Un romanzo fortunato


Ma passiamo al film in questione, adattamento piuttosto libero di un romanzo di Romain Gary, vincitore di un premio Goncourt del 1975 e diventato poi un film vincitore del premio Oscar come miglior film straniero nel 1978. Il regista era Moshé Mizrahi e la protagonista Simone Signoret.
La storia si sviluppa intorno alla figura di Momo, un problematico bambino senegalese orfano che viene affidato a Madame Rosa, un’anziana ex prostituta ebrea. Il rapporto tra i due è inizialmente turbolento: Momo è infatti un piccolo criminale dedito a furti e spaccio, assai maleducato e scontroso, lei è una donna severa e maldisposta nei confronti dell’ospite, ma nel corso dei mesi qualcosa cambia, soprattutto da quando la donna comincia a mostrare i segni di una malattia degenerativa.

Una favola all’insegna del politicalmente corretto

Se i temi dell’integrazione, razzismo, scontro tra religioni, Olocausto, malattia e morte erano già presenti nel romanzo, la nuova versione aggiunge pure un personaggio transessuale (interpretato dalla bravissima Abril Zamora, sceneggiatrice di Elite ed attrice di Vis a vis, due produzioni spagnole disponibili nel catalogo Netflix). In questo modo, il politically correct è servito su un piatto d’argento che certamente piacerà all’Hollywood inclusiva degli ultimi tempi. Detto così, sembrerebbe un pesante calderone strappalacrime ma la verità è che il film attraversa tutte le tematiche con elegante leggerezza, senza indugiare o calcare mai troppo la mano, nemmeno nelle scene più drammatiche.
Il problema è semmai il contrario: il film eccede in superficialità, abbozzando soltanto passaggi che richiedevano maggiori approfondimenti. Pure l’idea di concentrare l’azione in soli sei mesi, a differenza dei diversi anni di cui parlava il romanzo, rende piuttosto inverosimile la storia di formazione del protagonista, criminale asociale che diventa d’un tratto bambino onesto, sensibile e dal cuore d’oro. E pensare che nel romanzo Momo non era così negativo: risulta quindi una forzatura dettata dall’evidente desiderio di veicolare messaggi politicamente corretti ed edificanti.
Insomma, pur non apparendo esente da difetti, La vita davanti a sé si lascia guardare e ci commuove se non pretendiamo troppa verosimiglianza e lo prendiamo in fondo per una sorta di favola moderna che ci riporta un po’ nei territori di Monsieur Ibrahim e i fiori del Corano.

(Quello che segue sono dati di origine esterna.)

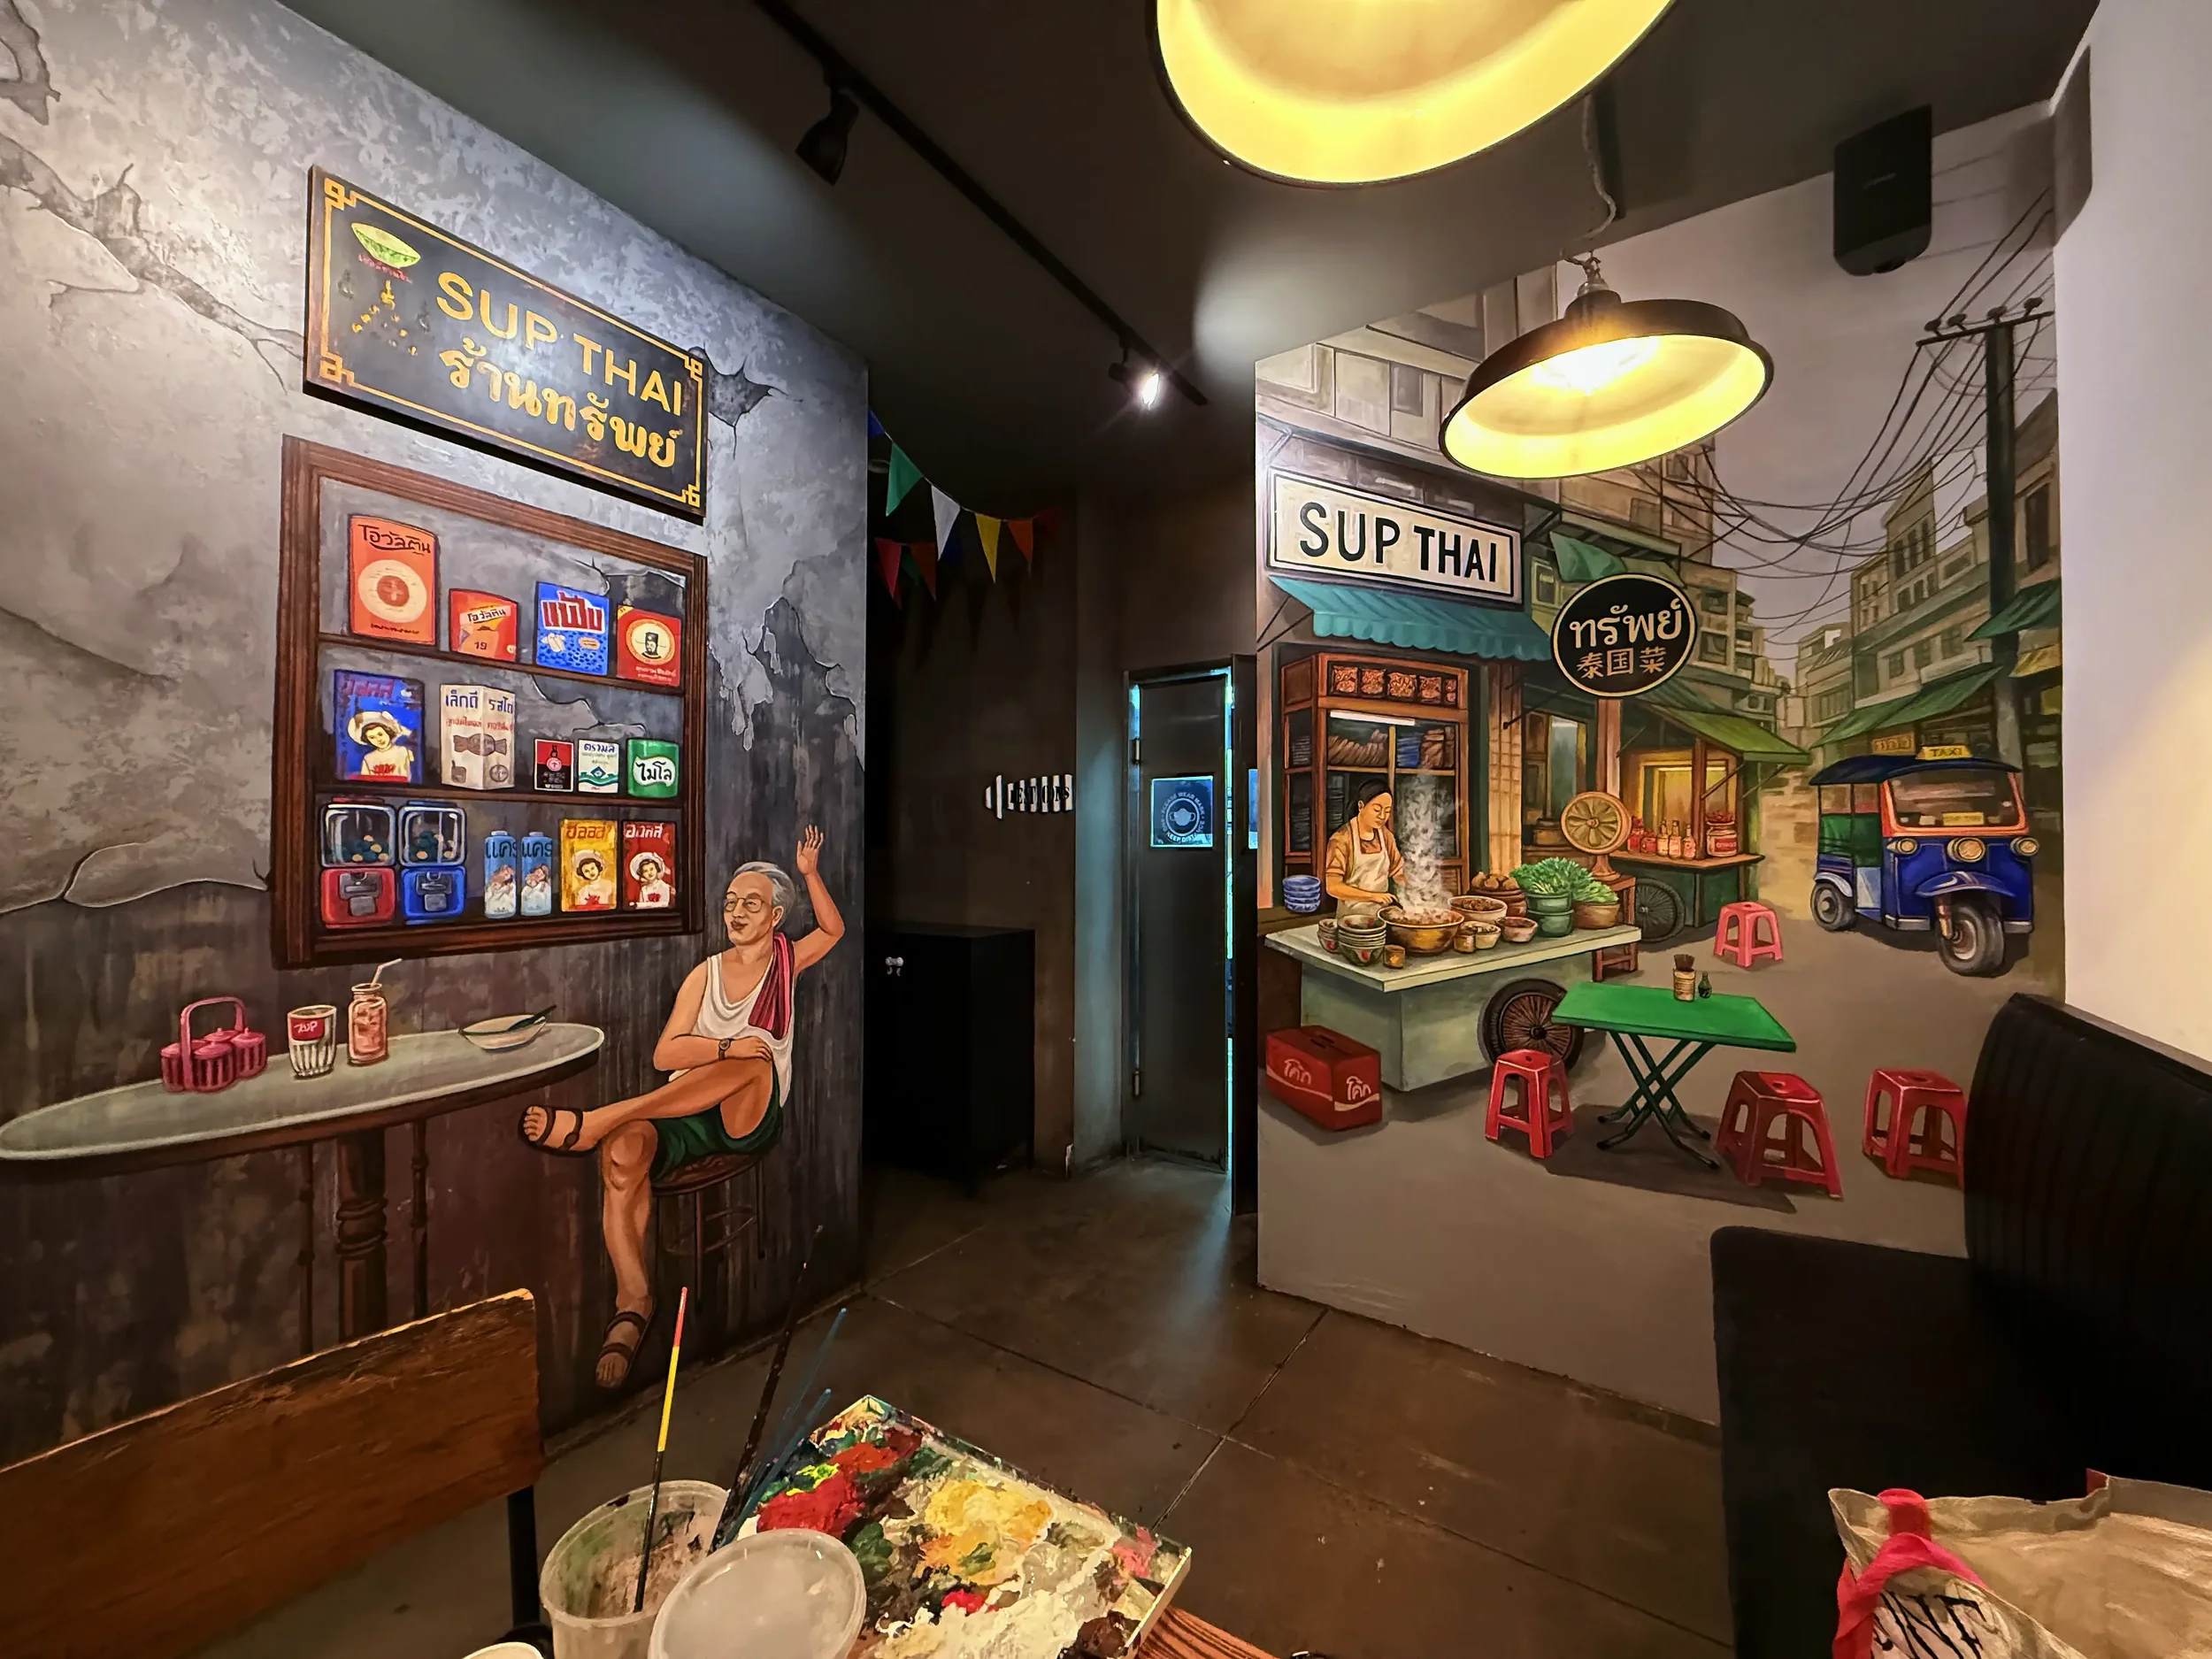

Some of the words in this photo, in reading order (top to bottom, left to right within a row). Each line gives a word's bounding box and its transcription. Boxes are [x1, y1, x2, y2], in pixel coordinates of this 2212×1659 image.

[436, 271, 557, 350] SUP
[572, 333, 681, 417] THAI
[439, 337, 683, 468] ร้านทรัพย์
[1300, 502, 1401, 565] SUP
[1413, 525, 1497, 582] THAI
[1569, 598, 1682, 649] ทรัพย์
[1576, 646, 1667, 680] 泰国菜
[1930, 748, 1962, 757] TAXI
[635, 761, 672, 781] ไมโล
[1194, 797, 1205, 815] MASK
[1167, 831, 1180, 843] KEEP
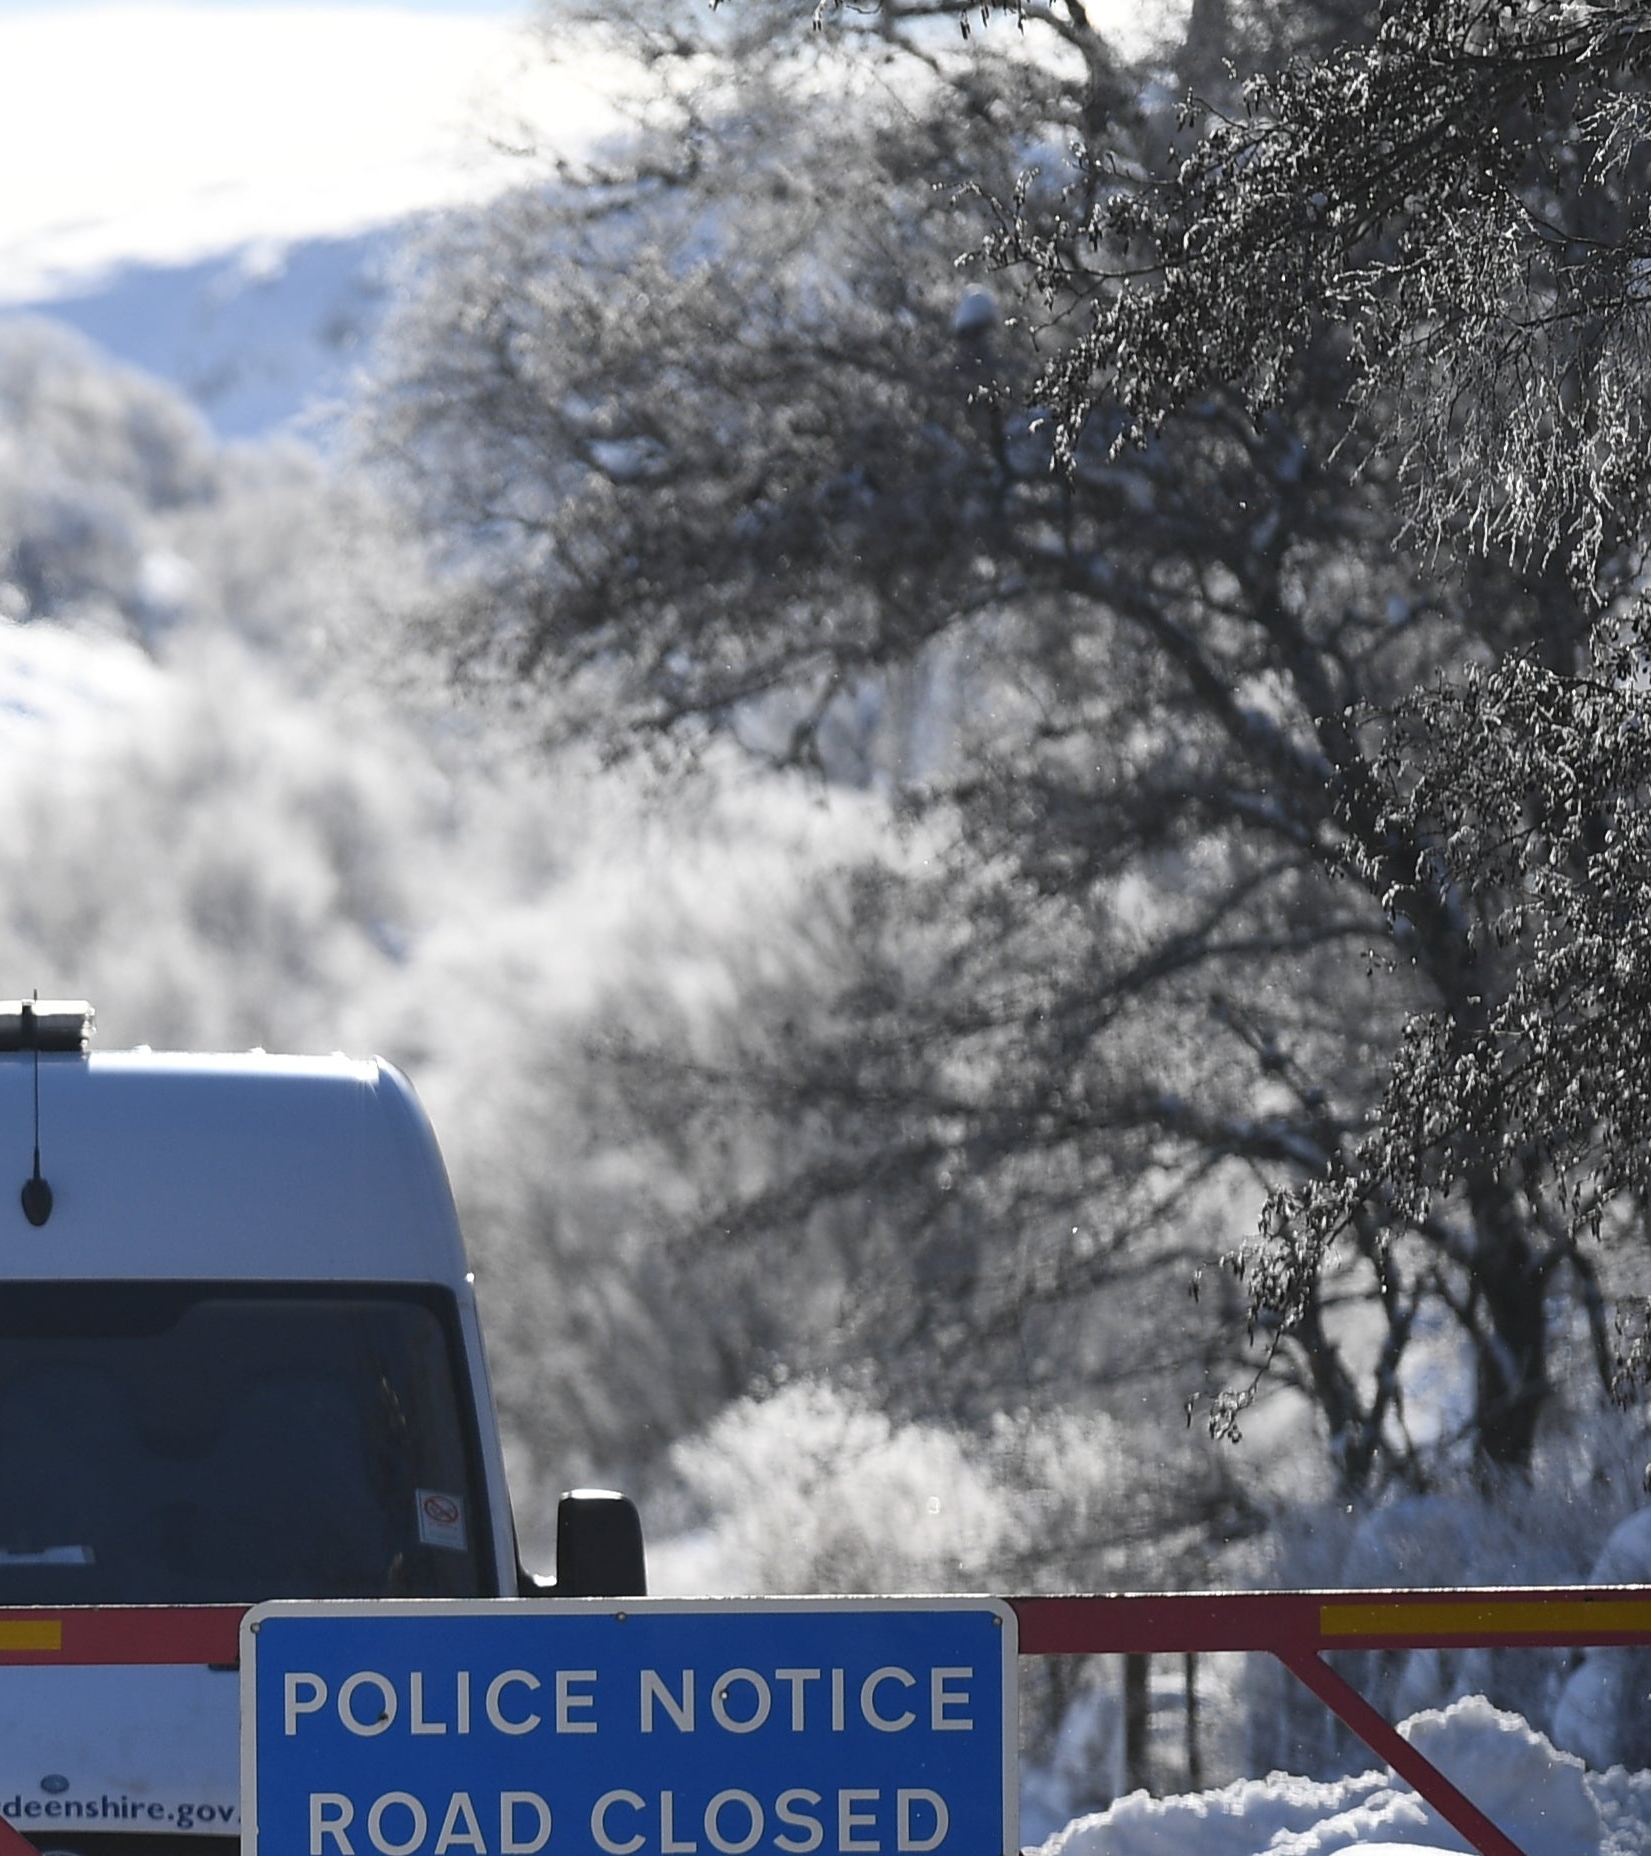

Quando un’interpretazione eleva un film

E poi c’è lei, Sophia Loren, che cambia tutto. Complici l’ambientazione popolare, una scena in una terrazza con i panni stesi e la Loren nei panni di un’ex prostituta che si occupa dei figli di altre prostitute, è impossibile non pensare a tre capisaldi della filmografia della Loren, Una giornata particolare, Matrimonio all’italiana e Ieri, oggi e domani in qualche modo omaggiati ed evocati nei più eleganti e intelligente dei modi. Il regista Edoardo Ponti, figlio della Loren, fa un bellissimo regalo alla madre assegnandole questo personaggio forte e delicato allo stesso tempo, summa di una carriera di settant’anni. Un ruolo dove la Loren, a parte gli iniziali siparetti in dialetto napoletano che ai più nostalgici evocano i bei tempi delle commedie con Marcello Mastroianni, lavora in sottrazione, emozionando con sguardi e silenzi. È indubbio perciò che il regalo più grande lo faccia la Loren, perché grazie alla sua toccante interpretazione eleva un film che, grazie anche ai temi edificanti e a un brano della colonna sonora scritto dalla pluripremiata Diane Warren e interpretato da Laura Pausini, rischia seriamente di arrivare ai premi Oscar.